WHAT THE TASK ASKS.
Please reproduce the listing below exactly, leaving out every picture.
[PROVIDED RECORDS — start]
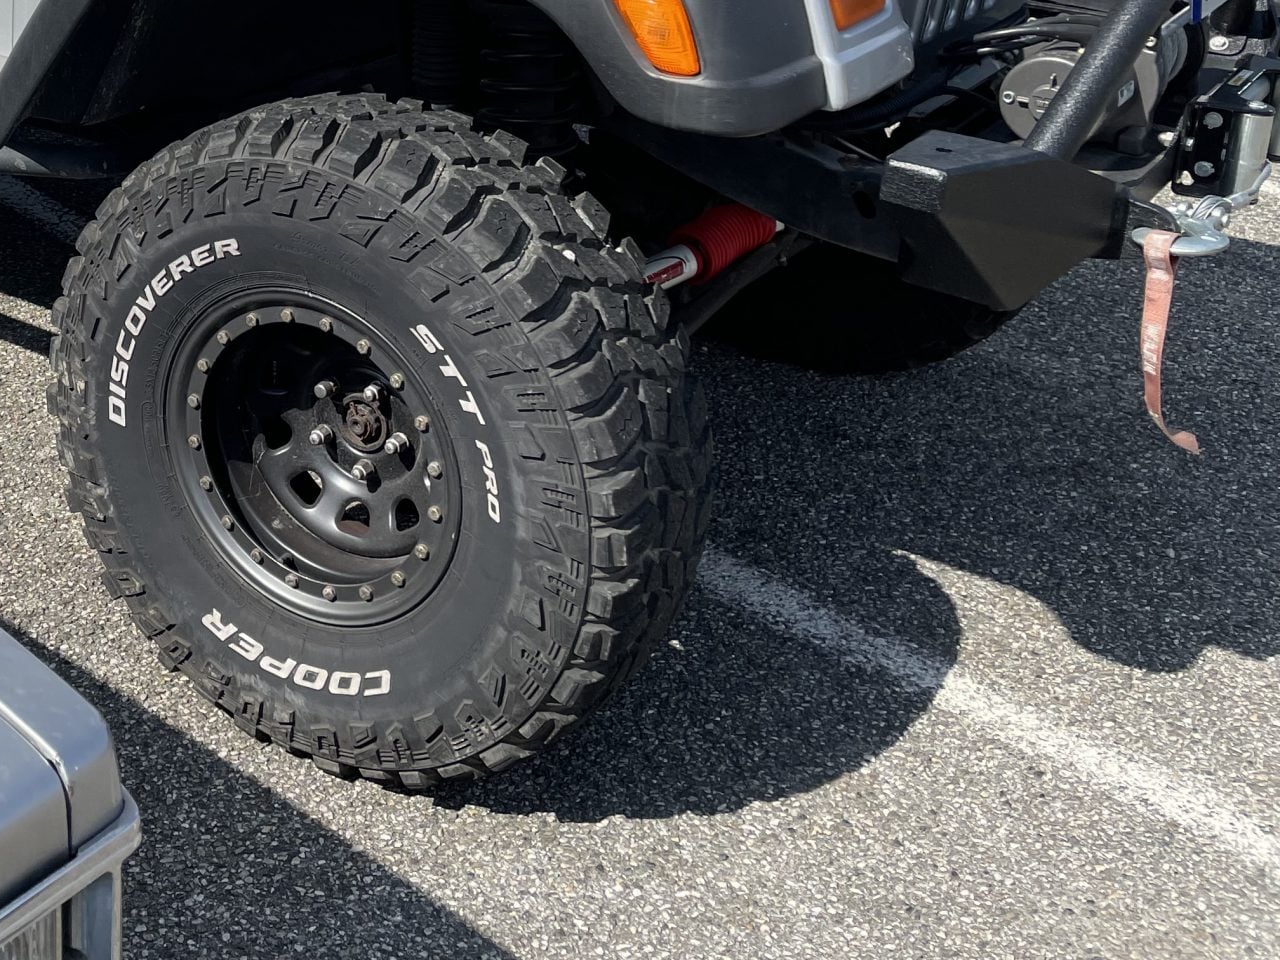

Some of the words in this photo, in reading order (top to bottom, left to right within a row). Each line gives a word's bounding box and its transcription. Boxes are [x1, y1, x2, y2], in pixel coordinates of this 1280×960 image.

[108, 237, 241, 427] DISCOVERER
[410, 324, 486, 426] STT
[475, 440, 502, 523] PRO
[201, 608, 392, 698] COOPER
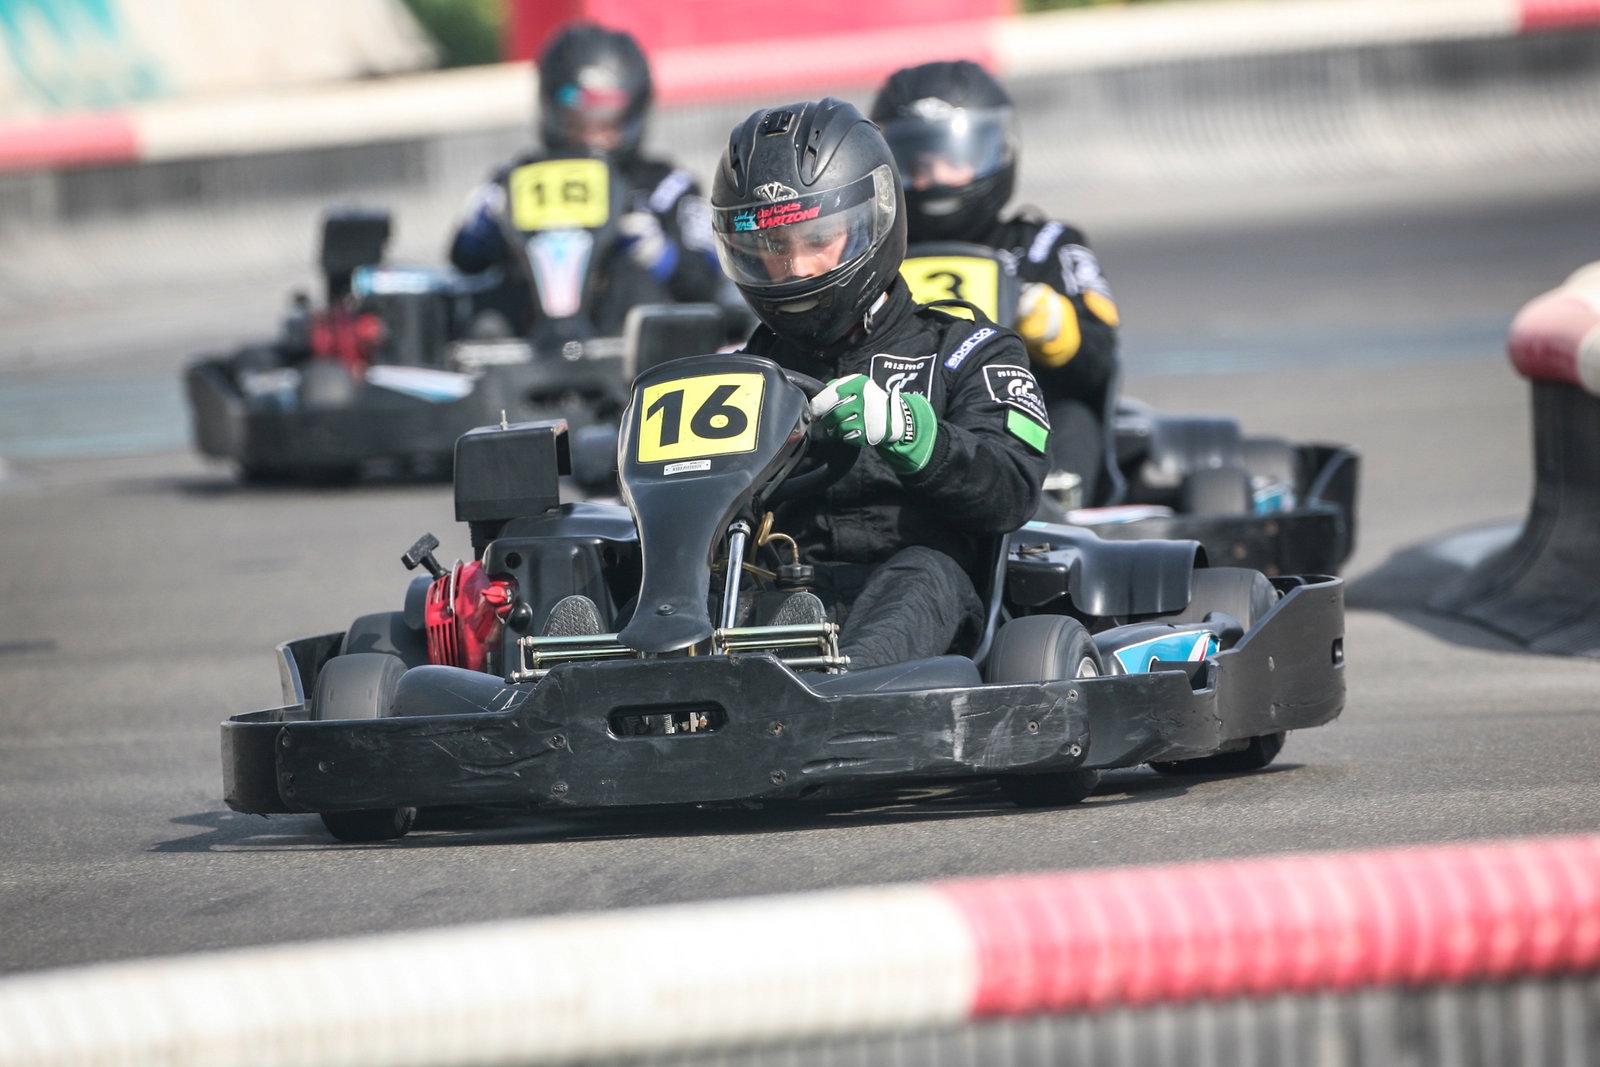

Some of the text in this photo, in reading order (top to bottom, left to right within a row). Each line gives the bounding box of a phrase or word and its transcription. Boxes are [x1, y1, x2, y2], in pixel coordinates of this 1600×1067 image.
[PROVIDED RECORDS — finish]
ANSWER TO THIS TASK.
Some of the words in this photo, in reading order (top to bottom, left to right within a row). Each line gives a word's bounding box and its transcription. Boxes are [x1, y1, x2, y2], in pixel coordinates of this 1280×960 image.

[108, 237, 241, 427] DISCOVERER
[410, 324, 486, 426] STT
[475, 440, 502, 523] PRO
[201, 608, 392, 698] COOPER

Some of the text in this photo, in reading order (top to bottom, left to right within a row). Each line gives the bounding box of a phrase or word and its transcription. Boxes are [x1, y1, x2, y2], in pixel coordinates of this 1600×1067 image.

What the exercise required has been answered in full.